[Entries provided — start]

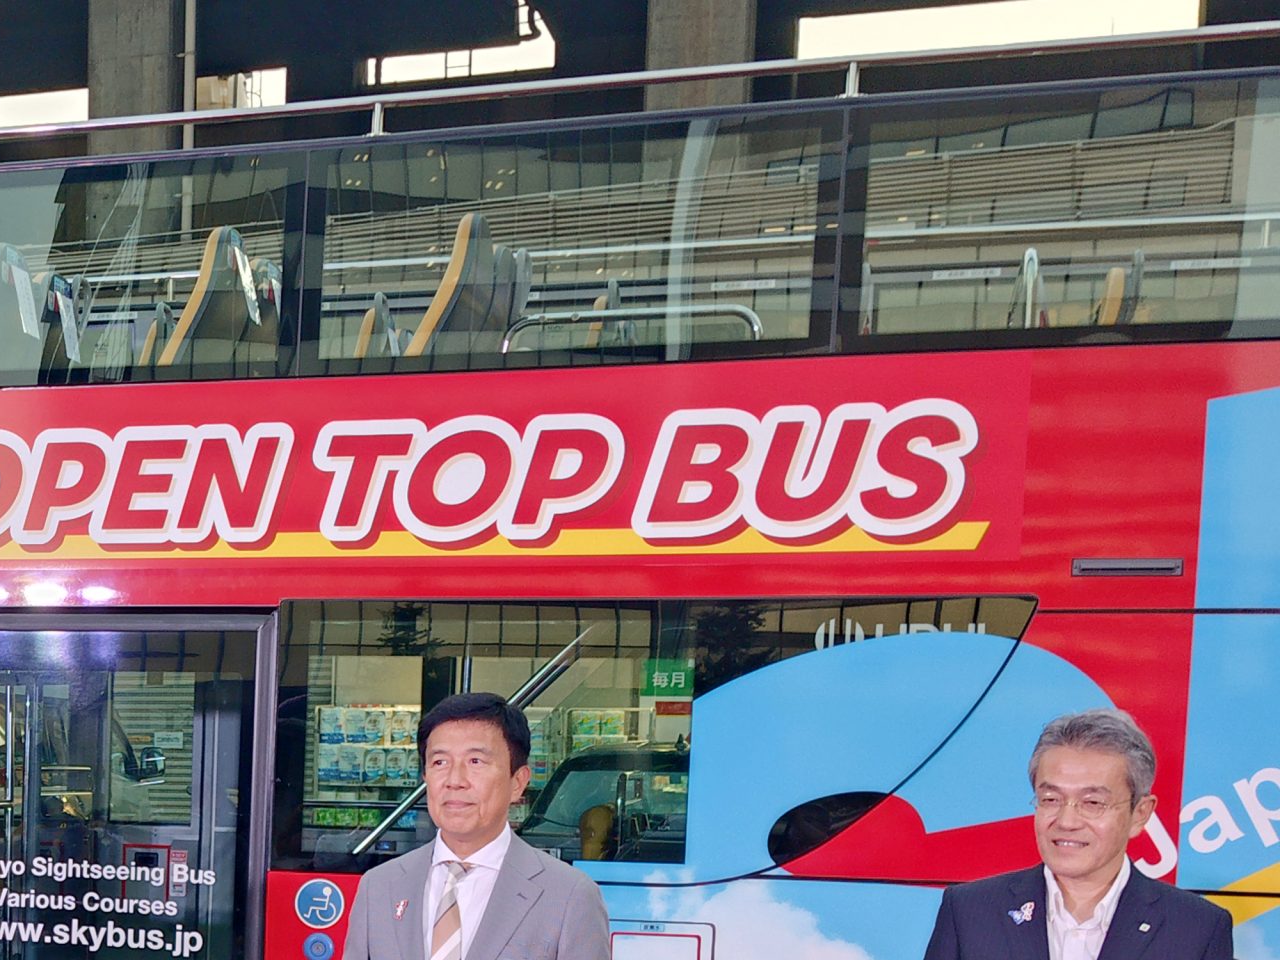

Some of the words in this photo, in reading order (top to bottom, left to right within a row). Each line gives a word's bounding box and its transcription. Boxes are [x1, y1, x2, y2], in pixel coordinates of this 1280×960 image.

[315, 413, 624, 542] TOP
[632, 399, 978, 540] BUS
[651, 671, 686, 689] 毎月
[31, 856, 166, 887] Sightseeing
[172, 863, 217, 886] Bus
[82, 891, 179, 916] Courses
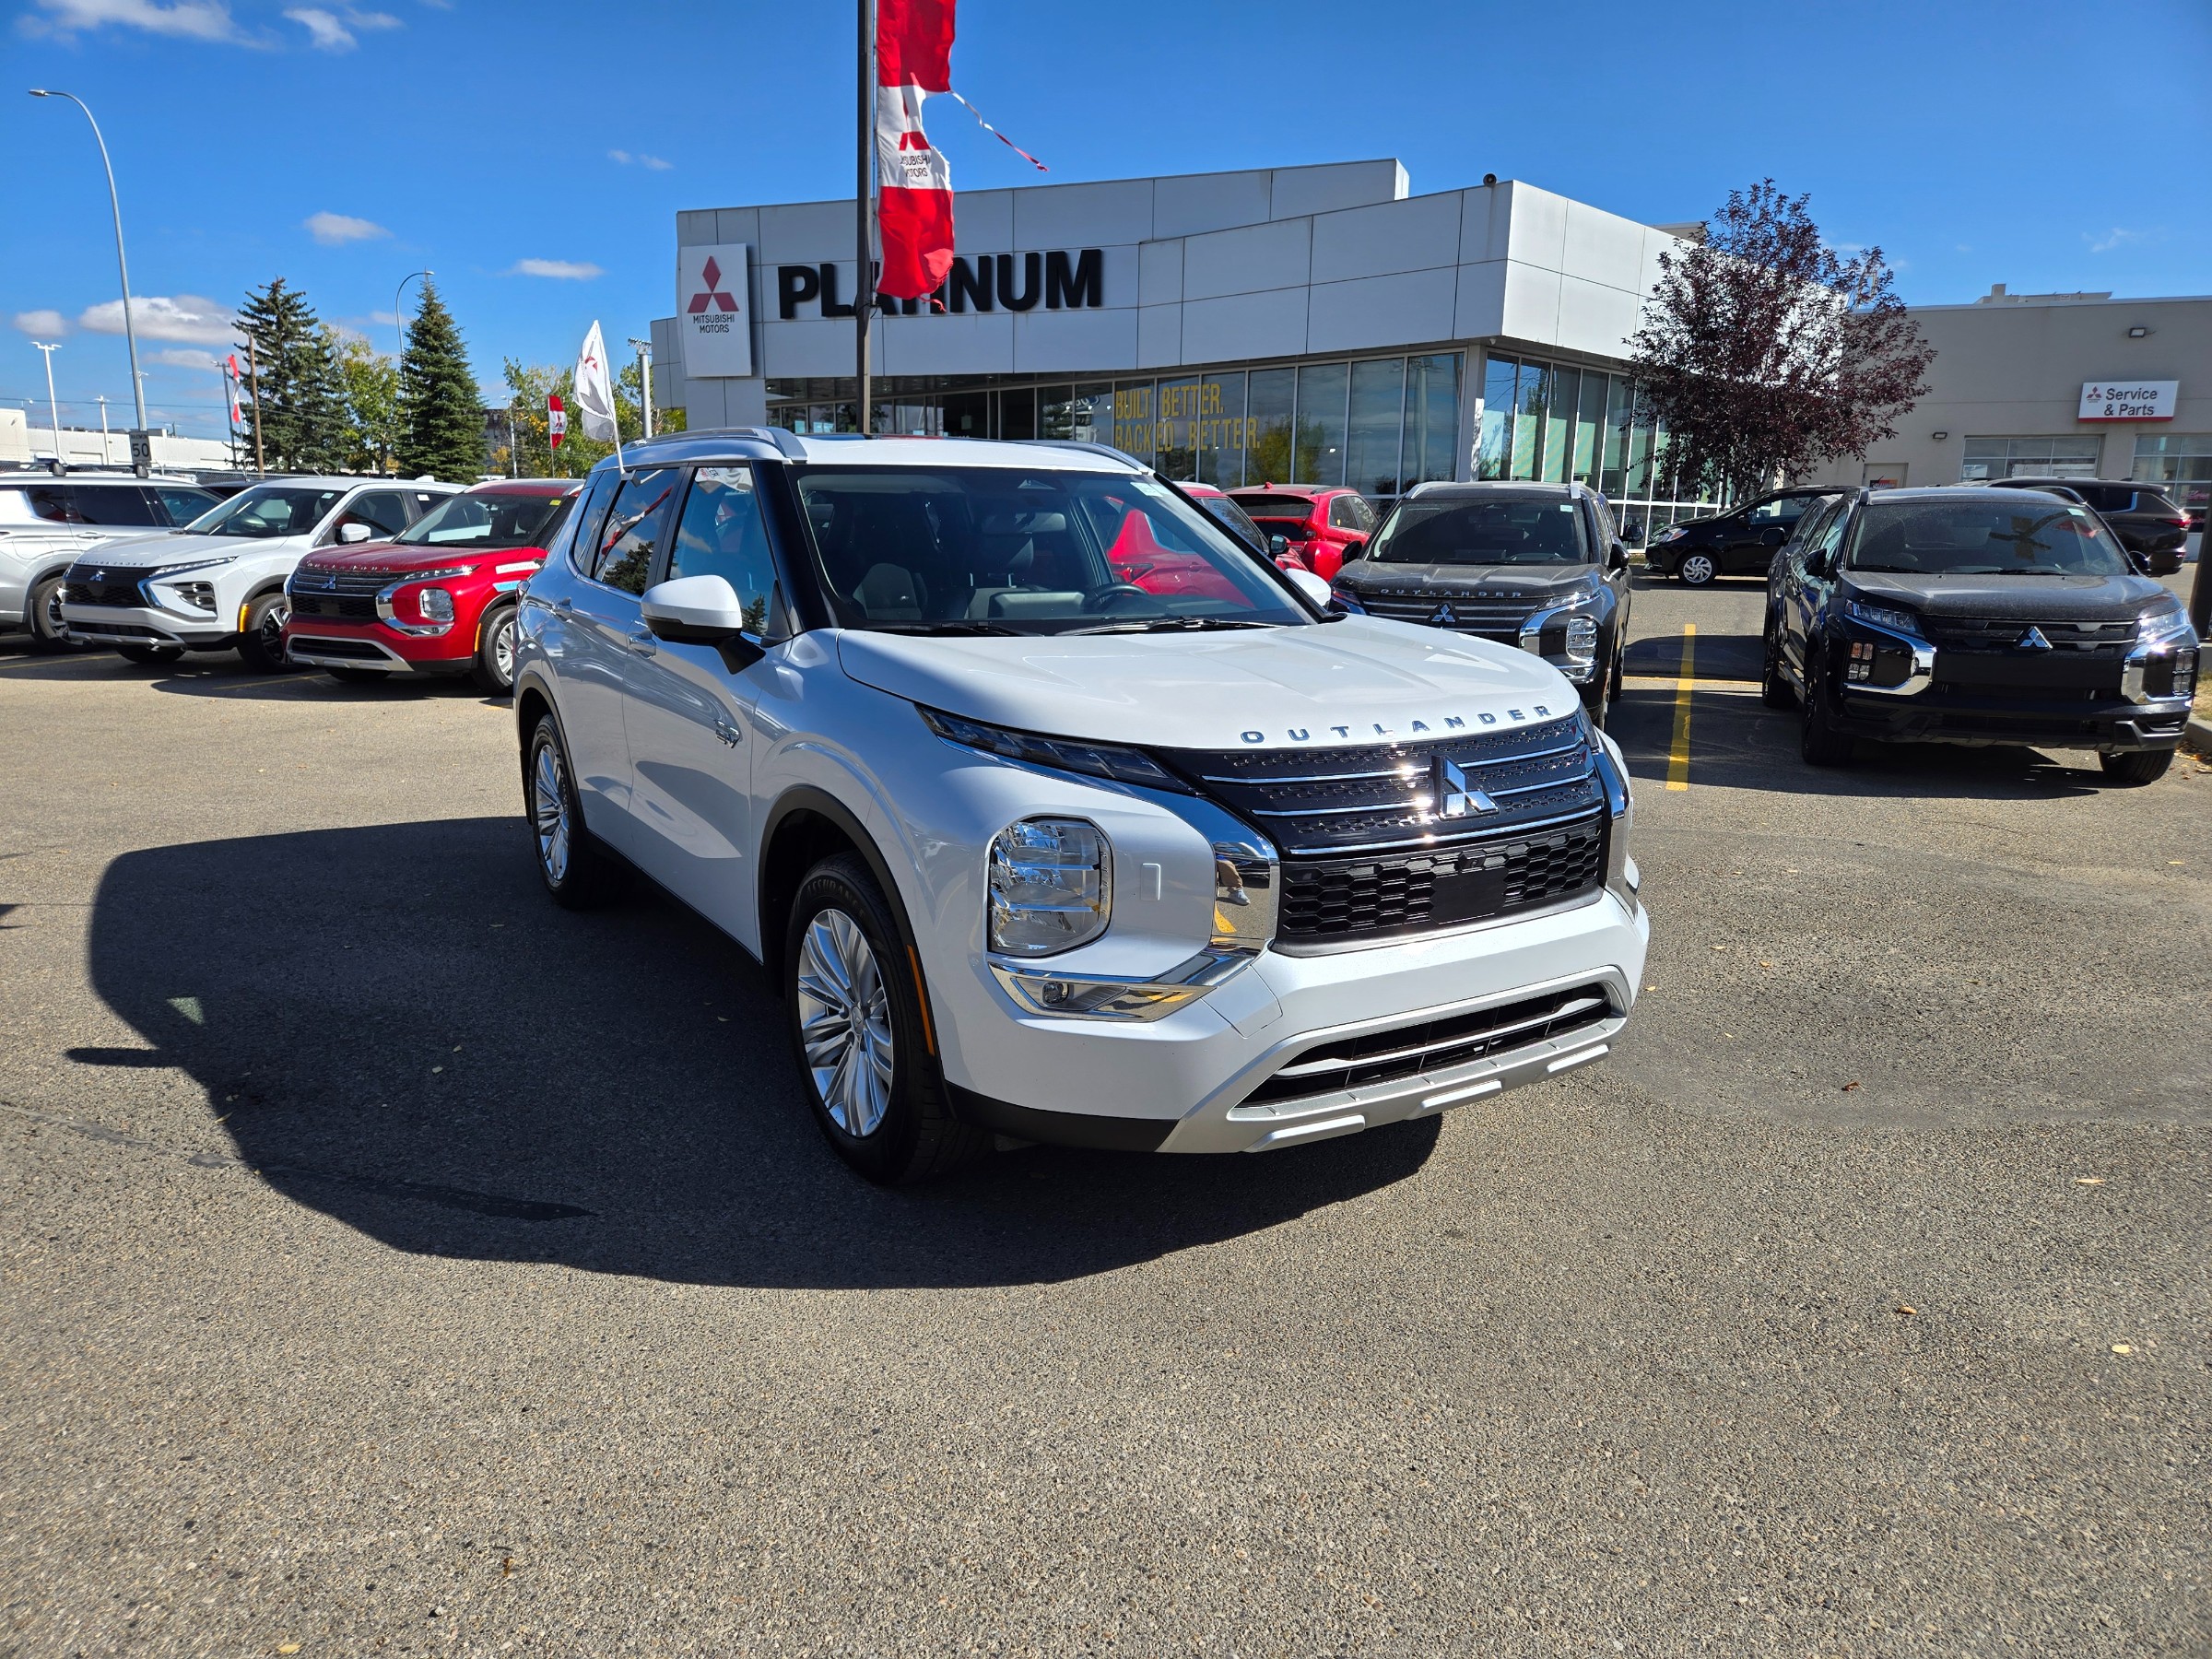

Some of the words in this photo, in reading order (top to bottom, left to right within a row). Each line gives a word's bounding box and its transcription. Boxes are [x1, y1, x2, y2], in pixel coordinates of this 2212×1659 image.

[778, 249, 1102, 319] PLNUM
[693, 314, 735, 324] MITSUBISHI
[700, 324, 730, 333] MOTORS
[2105, 387, 2158, 400] Service
[1116, 389, 1151, 419] BUILT
[1162, 383, 1224, 418] BETTER.
[2104, 404, 2113, 416] &
[2119, 404, 2155, 416] Parts
[1115, 420, 1174, 453] BACKED
[1188, 417, 1261, 451] BETTER.
[132, 443, 148, 457] 50
[1240, 705, 1551, 744] OUTLANDER
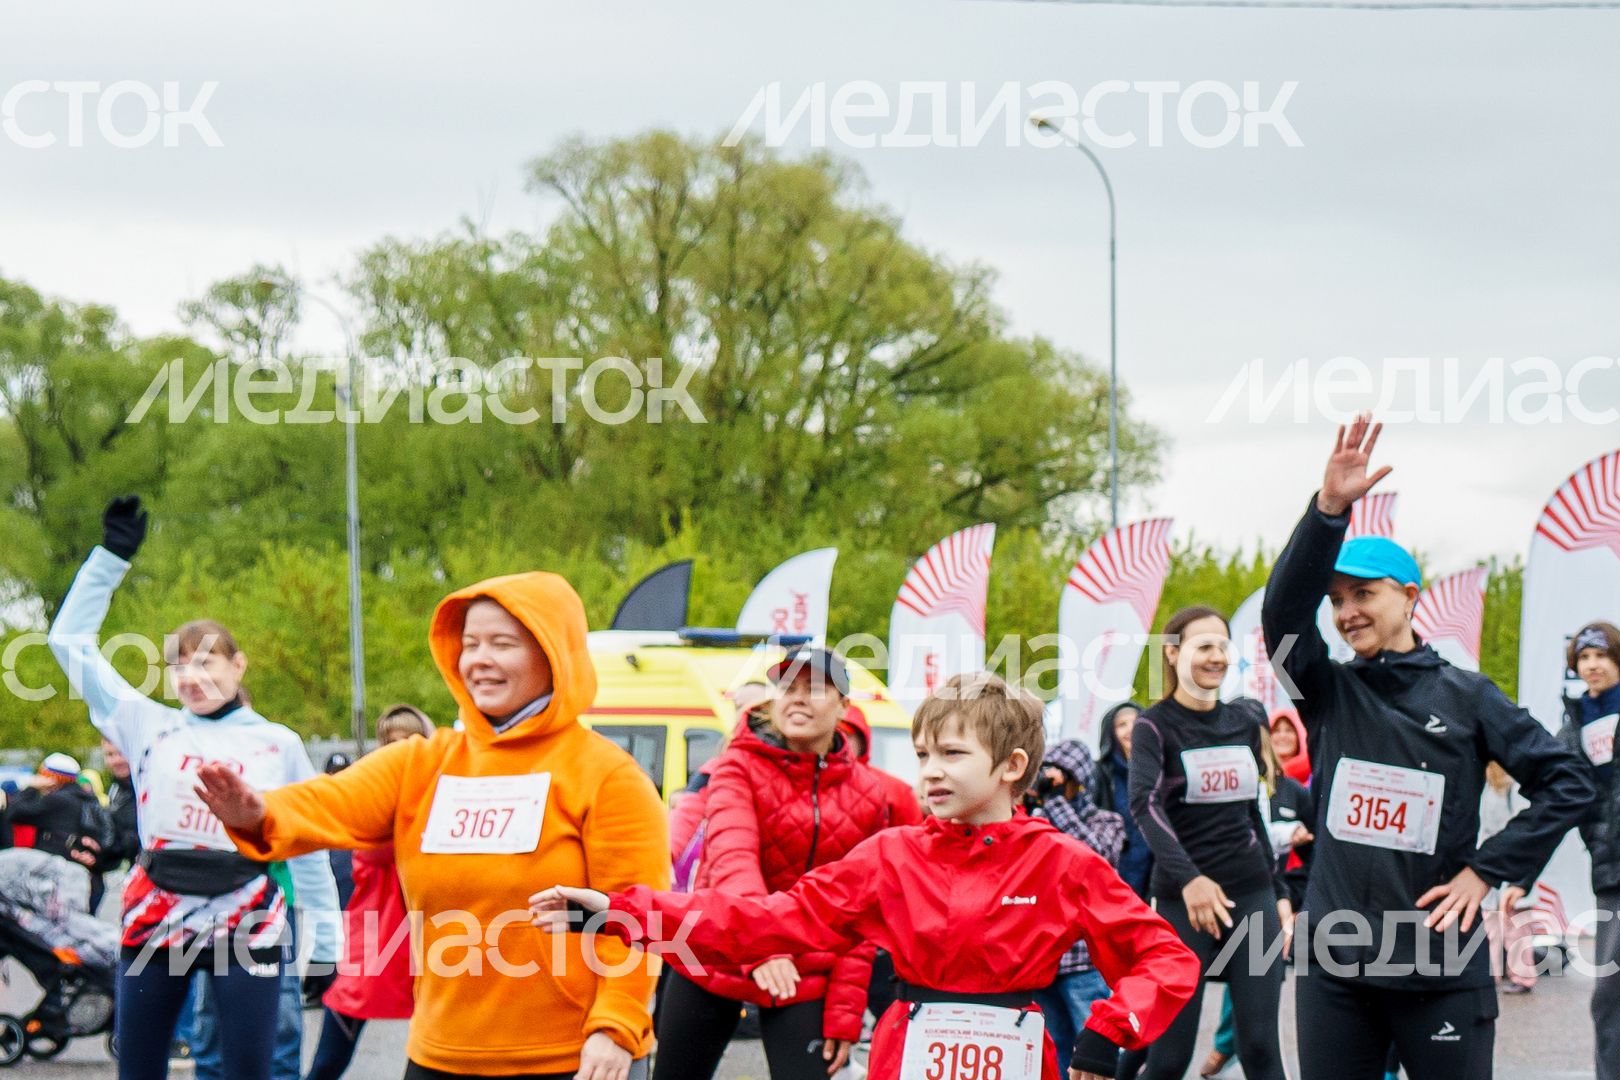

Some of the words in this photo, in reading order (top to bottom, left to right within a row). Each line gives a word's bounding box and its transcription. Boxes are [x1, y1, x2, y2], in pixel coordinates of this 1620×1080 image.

[Entries provided — finish]

● **Work instructions**: Output every entry above verbatim, but leave out the pictures.

● **Task answer**:
Some of the words in this photo, in reading order (top to bottom, left to right within a row). Each line gives a word's bounding box and its transcription. Boxes are [x1, y1, x2, y2], in pixel coordinates of this 1280×960 image.

[315, 413, 624, 542] TOP
[632, 399, 978, 540] BUS
[651, 671, 686, 689] 毎月
[31, 856, 166, 887] Sightseeing
[172, 863, 217, 886] Bus
[82, 891, 179, 916] Courses

Some of the words in this photo, in reading order (top to bottom, left to right within a row). Each line gives a word's bounding box and its transcription. Boxes are [x1, y1, x2, y2], in pixel coordinates of this 2212×1659 image.

[778, 249, 1102, 319] PLNUM
[693, 314, 735, 324] MITSUBISHI
[700, 324, 730, 333] MOTORS
[2105, 387, 2158, 400] Service
[1116, 389, 1151, 419] BUILT
[1162, 383, 1224, 418] BETTER.
[2104, 404, 2113, 416] &
[2119, 404, 2155, 416] Parts
[1115, 420, 1174, 453] BACKED
[1188, 417, 1261, 451] BETTER.
[132, 443, 148, 457] 50
[1240, 705, 1551, 744] OUTLANDER

Some of the words in this photo, in reading order (top to bottom, left to right within a row). Each line gives a word's bounding box and its transcription. Boxes are [x1, y1, x2, y2], in pixel coordinates of this 1620×1080 image.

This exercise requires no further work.